New cooperation to explore mineral extraction from geothermal brine in Iceland Geothermal area at Lake Myvatn, Iceland (source: flickr/ Bill Ward, creative commons)
Alexander Richter 17 Aug 2020

Using technology by New Zealand-based Geo40, Climeon and Landsvirkjun are to cooperate on combining mineral extraction from geothermal brines with power generation on site of Landsvirkjun's geothermal operations in the North of Iceland.

In a release shared today, Swedish technology company Climeon and Iceland’s national power company Landsvirkjun announce having signed a Letter of Intent, initiating a cooperation. The purpose of the cooperation is to evaluate a solution combining mineral extraction with Climeon’s technology for electricity production.

Climeon and Landsvirkjun have, in a Letter of Intent, agreed to co-operate in investigating and evaluating extracting minerals such as silica from geothermal brine using Geo40’s technology. This would make producing electricity from the high enthalpy fluid more feasible using technology such as Climeon’s. A solution combining these two technologies can be added to large scale geothermal power plants like the ones Landsvirkjun operate in Iceland.

Landsvirkjun is the largest energy company in Iceland and is owned by the Icelandic state. The company operates an installed capacity of 2.1 GW in hydro and geothermal power plants, making them one of Europe’s largest producers of renewable energy.

“Landsvirkjun is one of the most well-renowned companies in the geothermal industry and we are very proud to be cooperating with them,” says Thomas Öström, CEO of Climeon.

“With this cooperation, we want to show that combining high and low temperature geothermal power production with mineral extraction is technically and commercially viable,” continues Thomas Öström.

“The possibility of silica extraction is a ground breaking proposal and will pave the path for additional power production,” says Bjarni Pálsson, Executive Director of Geothermal and Wind at Landsvirkjun.
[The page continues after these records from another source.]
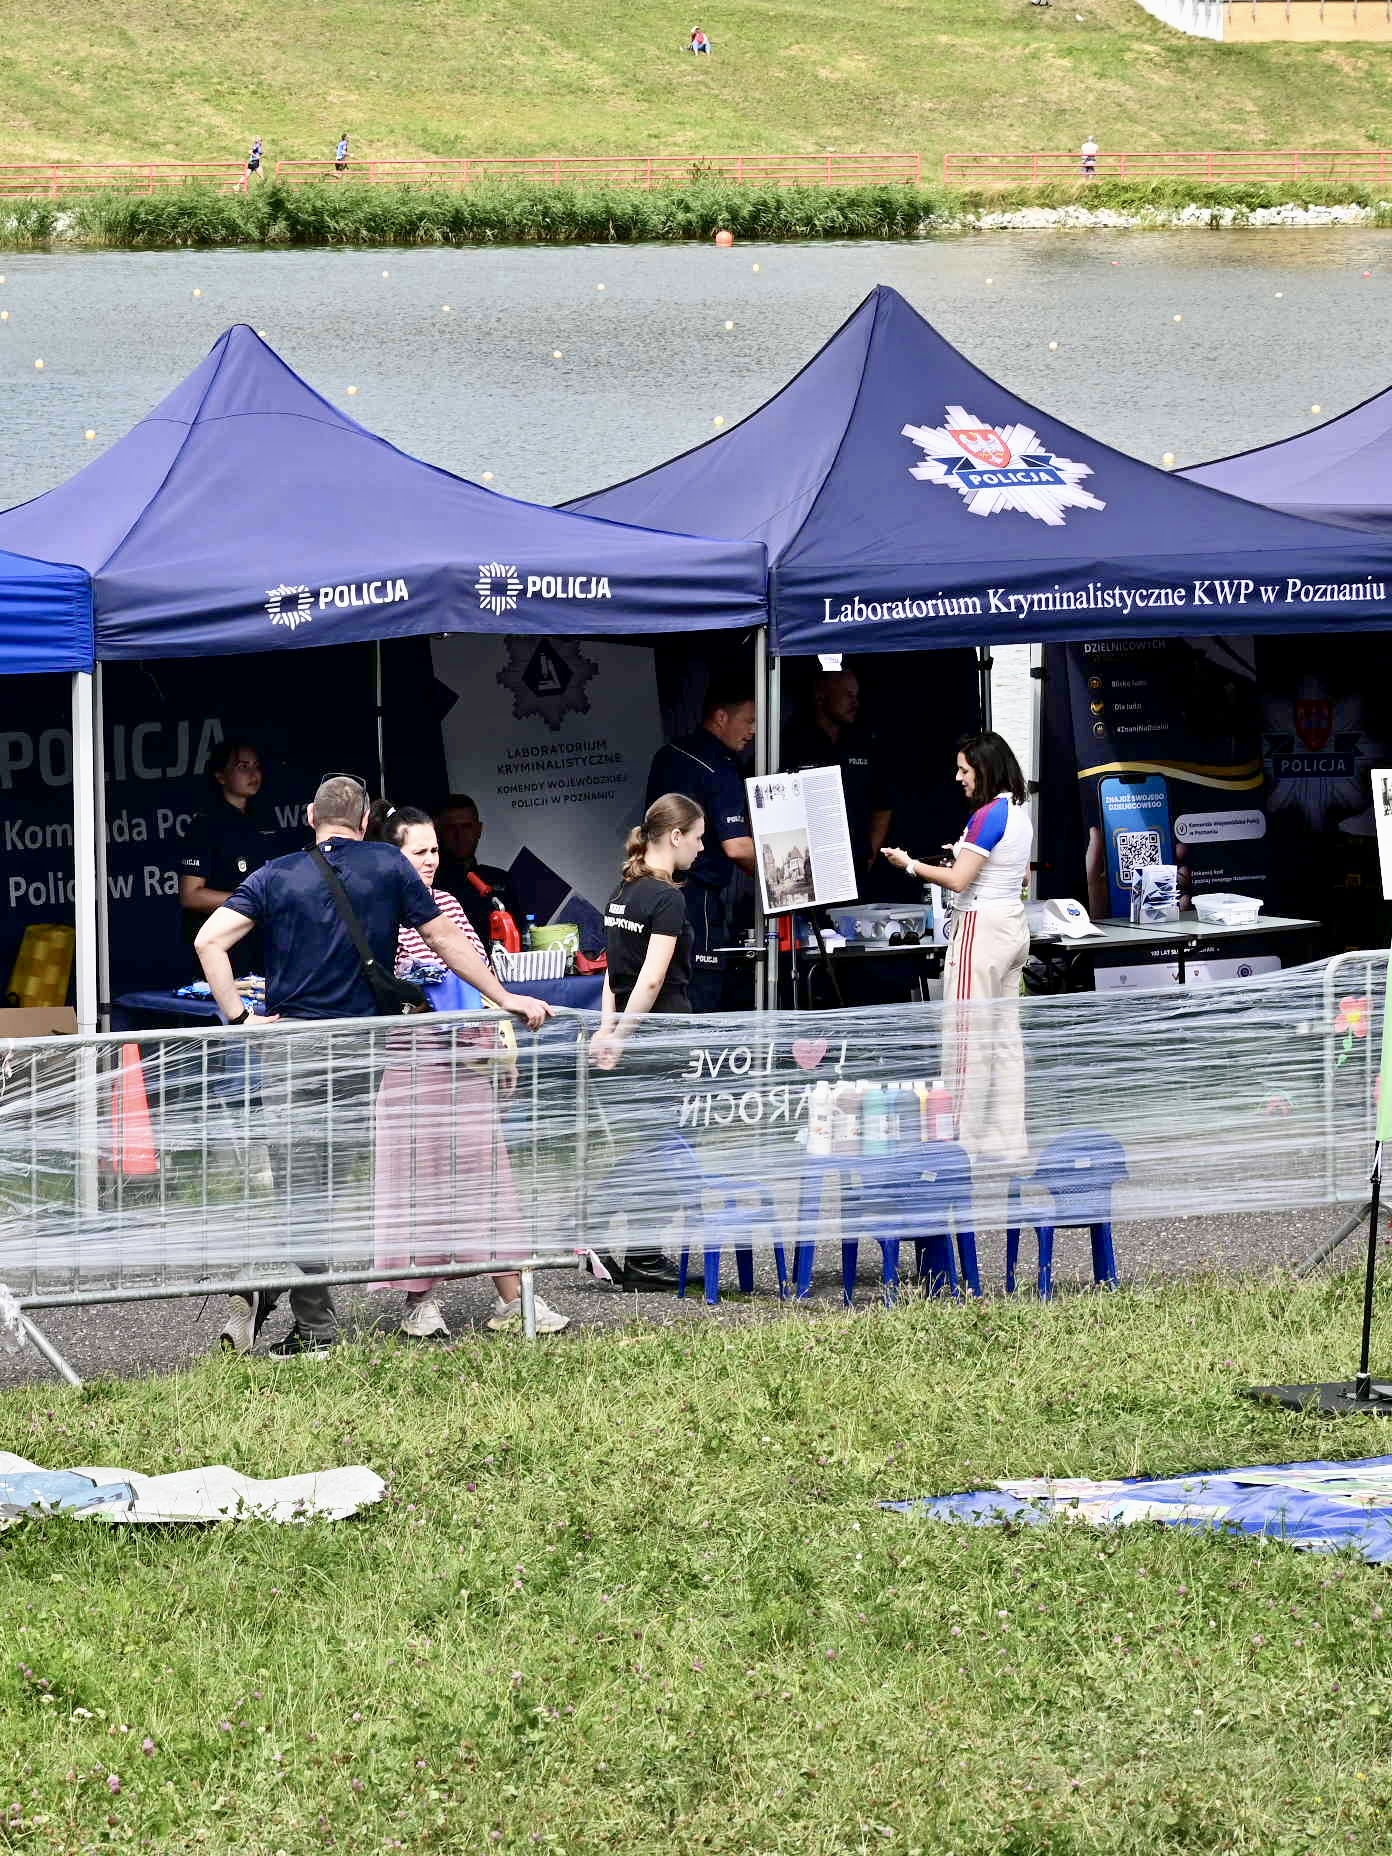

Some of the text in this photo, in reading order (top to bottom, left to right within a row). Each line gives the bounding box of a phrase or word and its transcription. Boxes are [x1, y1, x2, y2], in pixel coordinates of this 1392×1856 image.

[968, 471, 1055, 486] POLICJA
[319, 579, 409, 610] POLICJA
[526, 575, 612, 600] POLICJA
[822, 575, 1387, 624] Laboratorium Kryminalistyczne KWP w Poznaniu
[505, 739, 608, 759] LABORATORIUM
[497, 752, 623, 776] KRYMINALISTYCZNE
[1280, 758, 1348, 773] POLICJA
[4, 809, 148, 851] Komda
“Geothermal electricity is truly green. However, companies such as Climeon show that there is always room for improvement. We are happy to have signed a Letter of Intent with Climeon to evaluate the opportunities going forward,” continues Bjarni Pálsson.

More than half of the world’s geothermal power plants produce extra heat in Climeon’s temperature range that is currently not utilized for power production. To be able to fully utilize this waste heat, Climeon entered a partnership with the New Zealand-based company Geo40 that has developed a technology for extracting minerals such as silica from the brine. By removing the silica from the brine, Climeon can utilize the waste heat from the high temperature geothermal power plants for power production, increasing the total power output.